Successful exploitation of vulnerabilities in Apple products could allow the attacker to gain elevated privileges, execute arbitrary code, disclose sensitive information and bypass security restrictions on the targeted system.
Select Apple devices are susceptible to cyber attacks due to multiple vulnerabilities found in Apple products. The Indian Computer Emergency Response Team (CERT-In) has issued an advisory for Apple users asking them to update their products immediately. “Multiple vulnerabilities have been reported in Apple products which could allow an attacker to gain elevated privileges, execute arbitrary code, disclose sensitive information and bypass security restriction on the targeted system” the agency says in its advisory.
Which Apple products are affected?
In its advisory, CERT-In says that iPhones running Apple iOS version prior to 16 for iPhone 8 and later are affected by these vulnerabilities. The impacted device list also includes iOS and iPadOS version prior to 15.7 for
– iPhone 6s and later
– iPad Pro (all models)
– iPad Air 2 and later
– iPad 5th generation and later
– iPad mini 4 and later
– iPod touch (7th generation)
Apple laptops running macOS Monterey version prior to 12.6, Apple macOS Big Sur version prior to 11.7 and Apple Safari version prior to Safari 16 are also affected, the advisory states.
Why do these vulnerabilities exist in Apple products?
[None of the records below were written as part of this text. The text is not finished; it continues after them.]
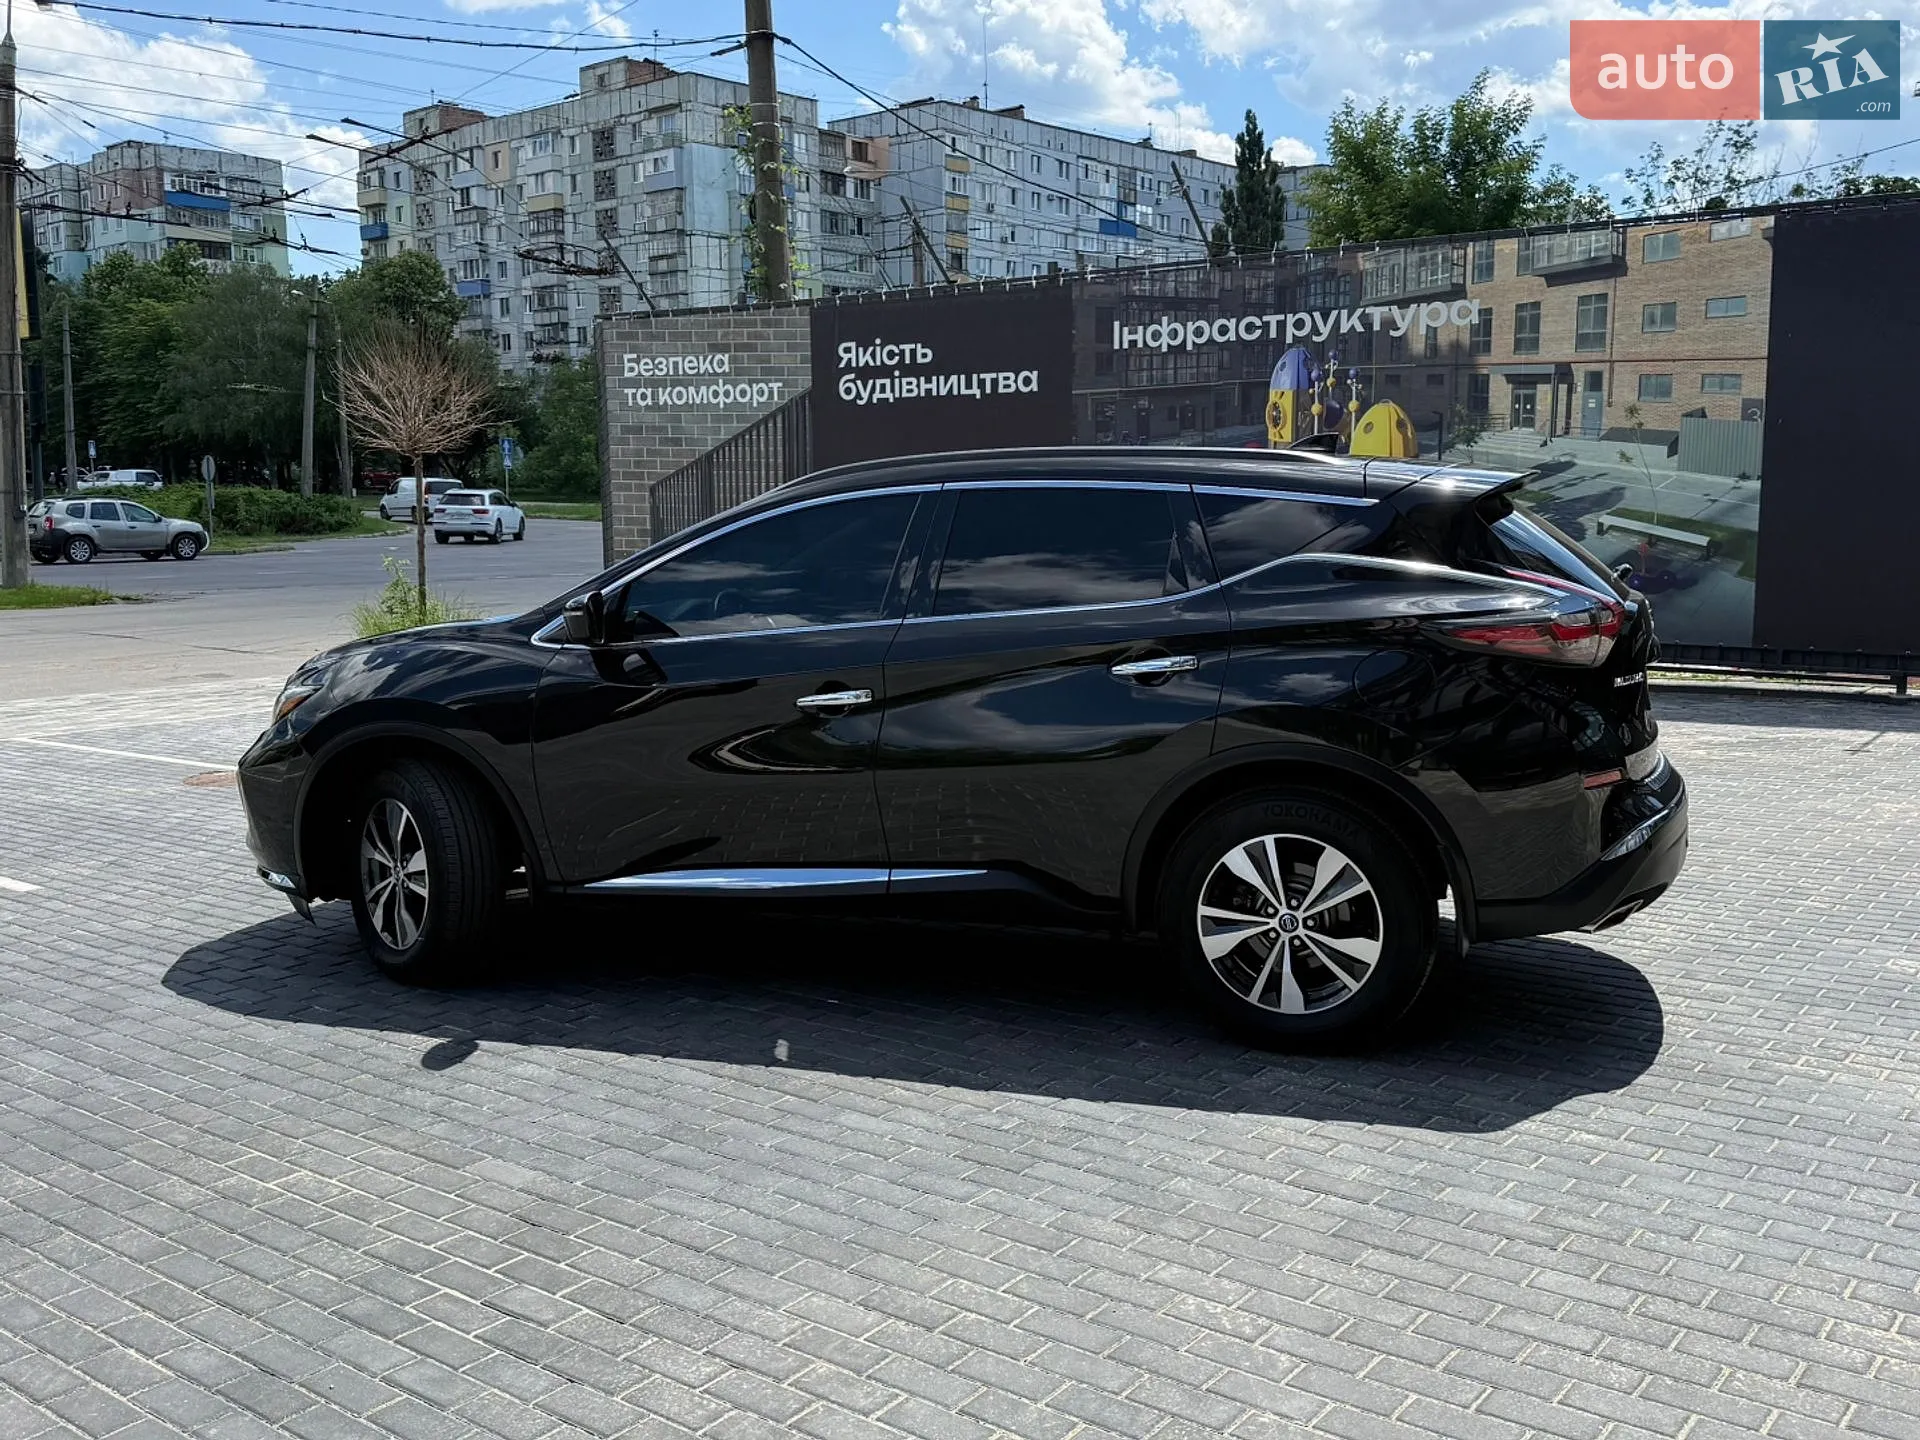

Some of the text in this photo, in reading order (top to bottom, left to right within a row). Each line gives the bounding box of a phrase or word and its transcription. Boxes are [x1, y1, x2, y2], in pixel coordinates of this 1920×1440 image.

[1113, 297, 1481, 351] Інфраструктура
[623, 351, 730, 378] Безпека
[838, 338, 934, 368] Якість
[624, 379, 783, 409] та комфорт
[839, 369, 1039, 404] будівництва
CERT-In says that these vulnerabilities exist in Apple products due to logic issues in Safari Extensions, ATS, Maps, PackageKit and Shortcuts components. Buffer overflow issue, out-of-bounds read issue and improper UI handling issue in WebKit component are also impacting Apple devices.
As per the advisory, out-of-bounds write issue and improper memory handling issue in Kernel component, memory corruption issue in MediaLibrary component and improper checks issue in contacts component are probable reasons for the security loophole.
These vulnerabilities, Apple says, can allow a remote attacker to persuade the victim to open a specially crafted file or application. Successful exploitation of these vulnerabilities could allow the attacker to gain elevated privileges, execute arbitrary code, disclose sensitive information and bypass security restrictions on the targeted system.
What is the solution?
In its advisory webpage, CERT-In has advised users to download appropriate software updates as mentioned in Apple security updates for Safari 16, macOS Big Sur 11.7, macOS Monterey 12.6 and iOS 16.